PROMPT
Give back every line of the material exactly. Skip the pictures.

—————

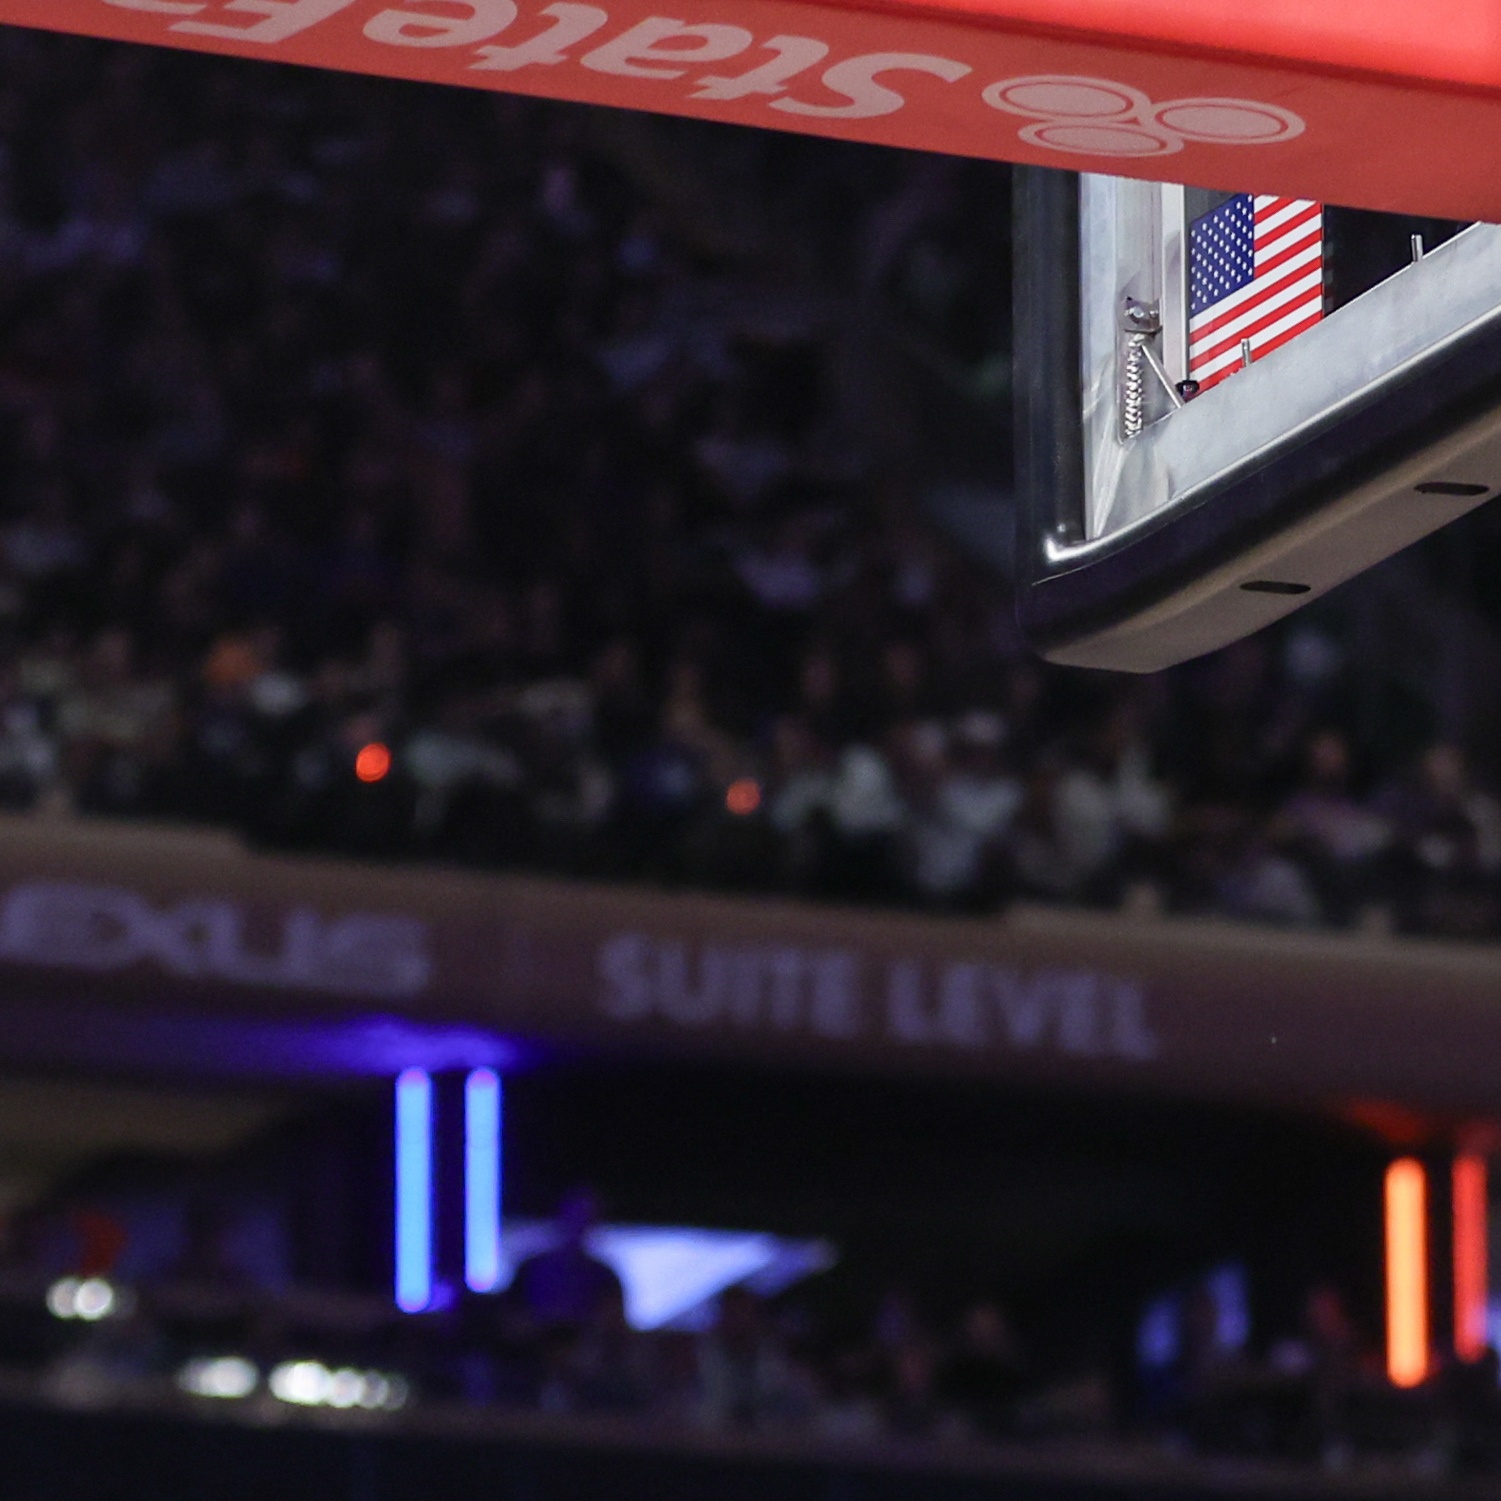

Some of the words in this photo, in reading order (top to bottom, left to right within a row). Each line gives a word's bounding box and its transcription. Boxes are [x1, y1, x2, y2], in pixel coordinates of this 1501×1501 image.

[0, 882, 428, 998] EXUS
[600, 932, 860, 1040] SUITE
[888, 958, 1158, 1063] LEVEL
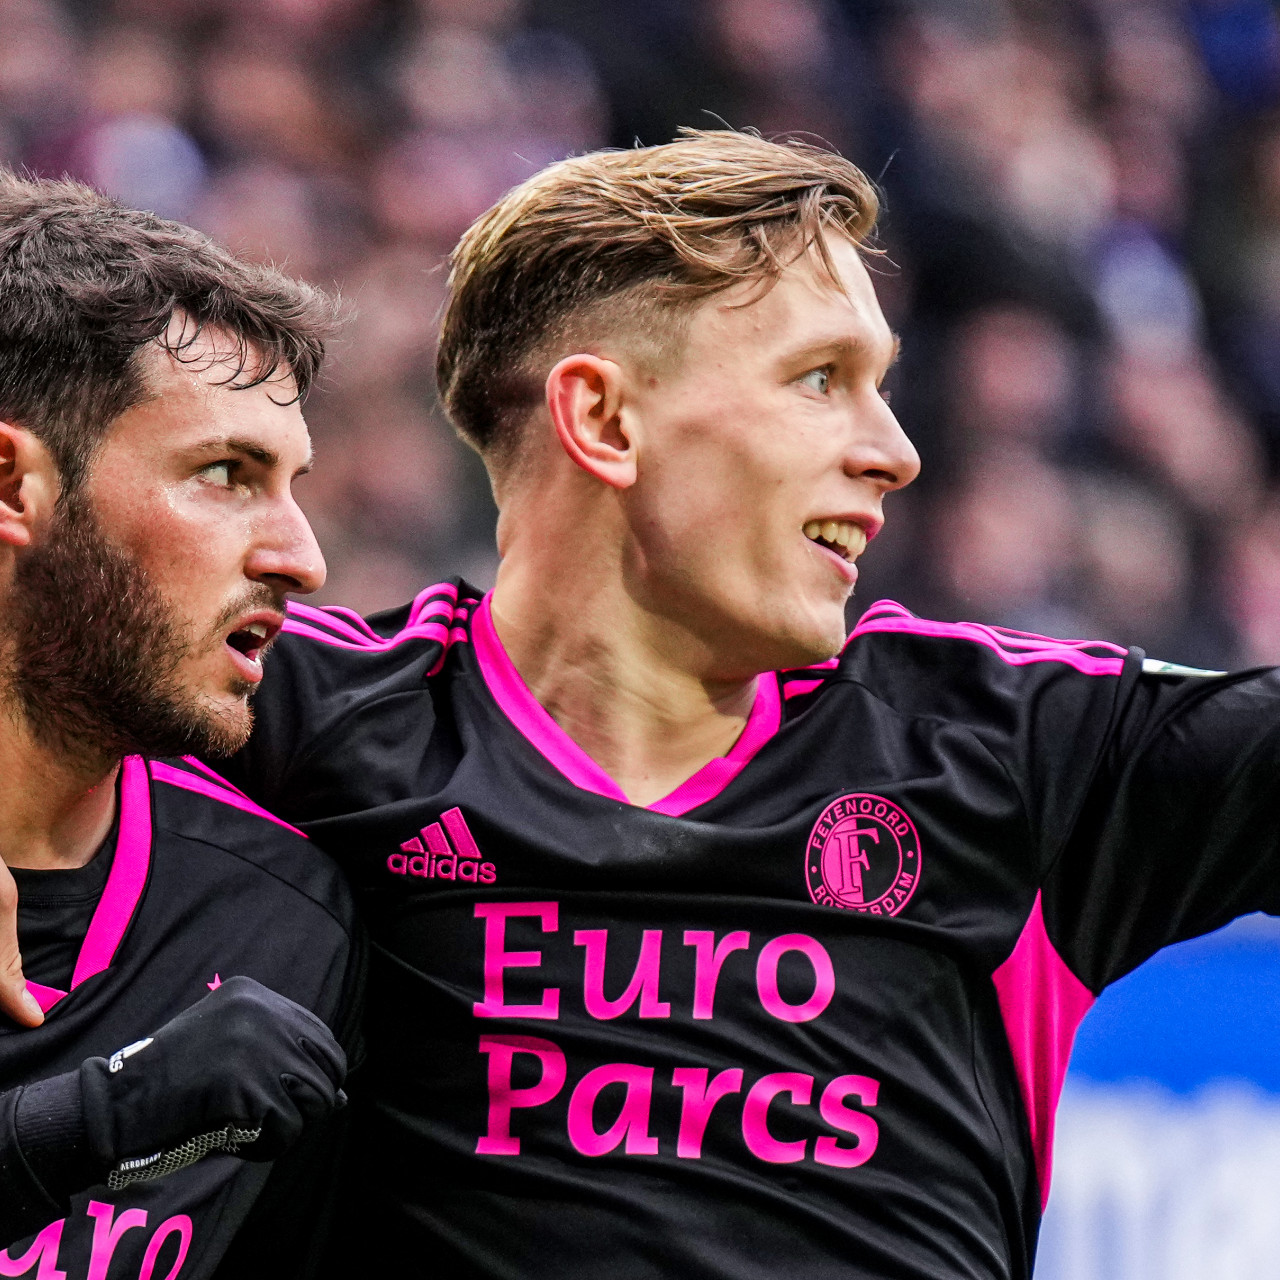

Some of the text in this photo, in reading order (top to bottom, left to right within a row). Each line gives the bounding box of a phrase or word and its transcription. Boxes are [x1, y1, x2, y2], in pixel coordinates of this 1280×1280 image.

[812, 799, 910, 849] FEYENOORD
[386, 851, 497, 885] adidas
[834, 827, 880, 896] F
[472, 900, 836, 1023] Euro
[473, 1033, 881, 1169] Parcs
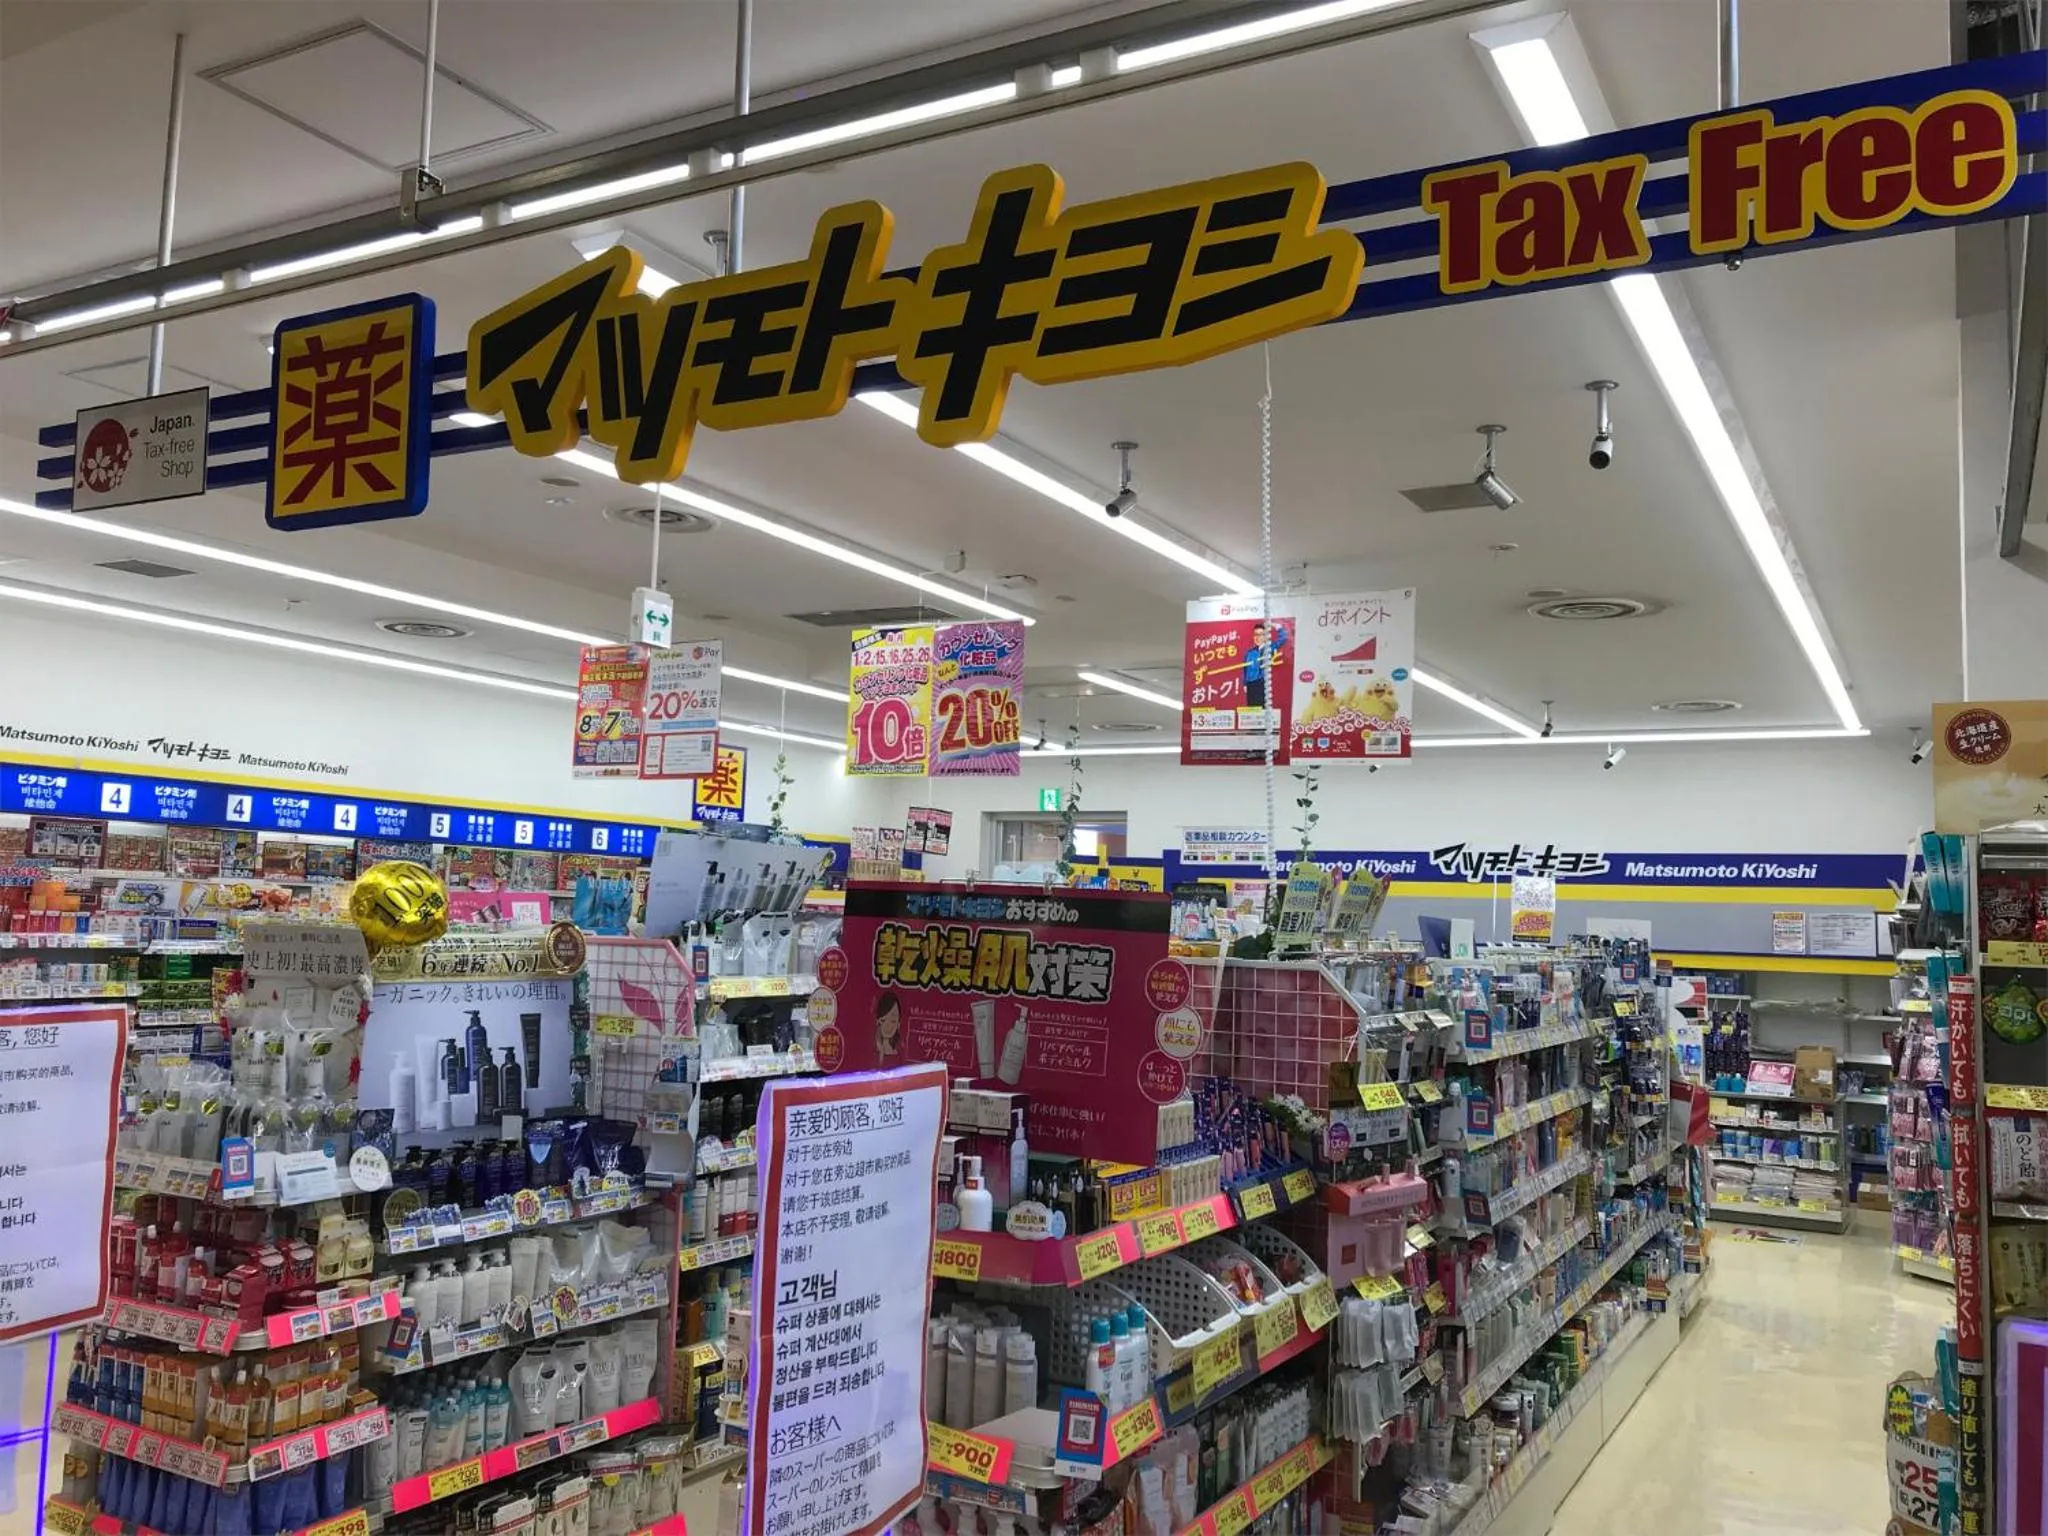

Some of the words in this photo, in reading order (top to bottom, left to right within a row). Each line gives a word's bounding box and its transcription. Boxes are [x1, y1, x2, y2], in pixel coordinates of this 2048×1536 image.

—————

WRITTEN SOLUTION
Some of the words in this photo, in reading order (top to bottom, left to right within a row). Each line gives a word's bounding box and its transcription. Boxes are [x1, y1, x2, y2], in pixel coordinates of this 1501×1501 image.

[0, 882, 428, 998] EXUS
[600, 932, 860, 1040] SUITE
[888, 958, 1158, 1063] LEVEL

Some of the text in this photo, in reading order (top to bottom, left to right within a row). Each line gives the bounding box of a phrase or word and its transcription. Boxes are [x1, y1, x2, y2], in pixel coordinates of this 1280×1280 image.

[812, 799, 910, 849] FEYENOORD
[386, 851, 497, 885] adidas
[834, 827, 880, 896] F
[472, 900, 836, 1023] Euro
[473, 1033, 881, 1169] Parcs

Some of the words in this photo, in reading order (top to bottom, left to right within a row). Each line gives a word's bounding box and its transcription. Boxes are [x1, y1, x2, y2], in pixel coordinates of this 2048×1536 image.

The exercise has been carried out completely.